The artist uses his musical memory and knowledge to imagine and perform a coming together of the three melodies, all of which are based on the same maqam. Using their musical grammar, Sahhab reinterprets, improvises, and blends their contents to produce a single piece. He meticulously selects the elements that he wants to present in this contemporary take on centuries old melodies.

Duration: 3:40
Instrumentation: qānūn
Date of original recording: 13th century, 19th century, 20th century
Archive used: Foundation for Arabic Music and Research (AMAR)
Composition: improvisation
Date of recording: August 2021
Sound engineer: Fadi Tabbal
Recording studio: Tunefork Studios

 

The Why Behind The Music

Ghassan Sahhab

My experience in music has evolved over the course of a long quest in musical learning, education, research, composition and performance. I first began to hone my musical practice and passion with the qānūn[1], one of the core instruments of modal music in the Levant. Then came a pivotal moment for understanding music when I started to do research and wanted to share my findings with others.

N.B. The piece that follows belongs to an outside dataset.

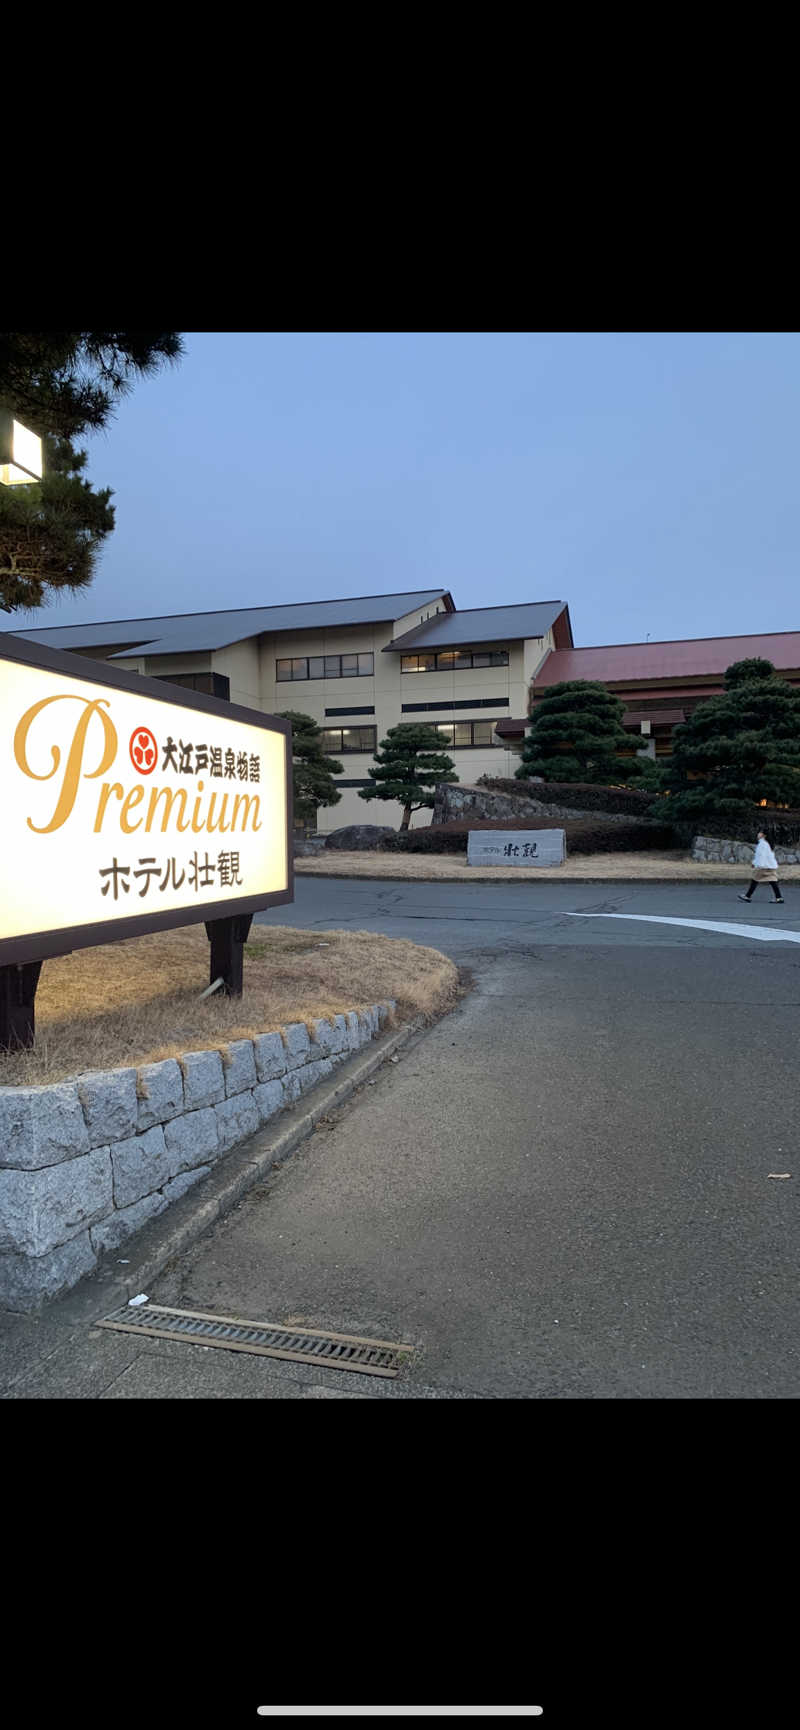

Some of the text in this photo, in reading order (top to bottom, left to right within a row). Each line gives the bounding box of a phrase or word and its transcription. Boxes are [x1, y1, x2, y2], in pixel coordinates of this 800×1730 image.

[14, 694, 263, 835] Premium
[162, 736, 261, 783] 大江戸温泉物語
[99, 850, 243, 900] ホテル壮観

My contribution to Mirath:Music is a continuation of my work both at me’azaf (my musical, cultural initiative) and in my wider musical activities and practices. In this project I went back to the sources with which I am most familiar, such as audio archives, manuscripts, tablets, and written and oral testimonies. I also followed in the footsteps of the movement that renews music from within the classical modal tradition.

While working on my project I wanted to highlight the importance of our locally rooted Levantine musical language, and to showcase its complexity, versatility, and diversity. I did so by playing and composing on the qānūn. Throughout the compositions I put my learnings into musical practice. The work accentuates the manifold potentials of modal/maqam music in contrast to western harmonic thinking, which has been increasingly present in musical practices in the Levant.

Western musical influences entered the region’s musical practices through education, the record industry, and in many cases through music production and dissemination that is oriented towards the Global North. This became visible when the orchestra invaded the musical scene at the expense of the familiar takht, and music education became institutionalized within educational and religious structures. Up until that point our local musical practices were built on deep relationships between the teacher or murshid (meaning the one who guides) and the student or mureed (the one who seeks).  Returning to these practices, my compositions provide a counterexample, tapping into what I have absorbed through praxis.


[1] Qanun: a string instrument consisting of 78-81 strings stretched over a trapezoidal sounding board.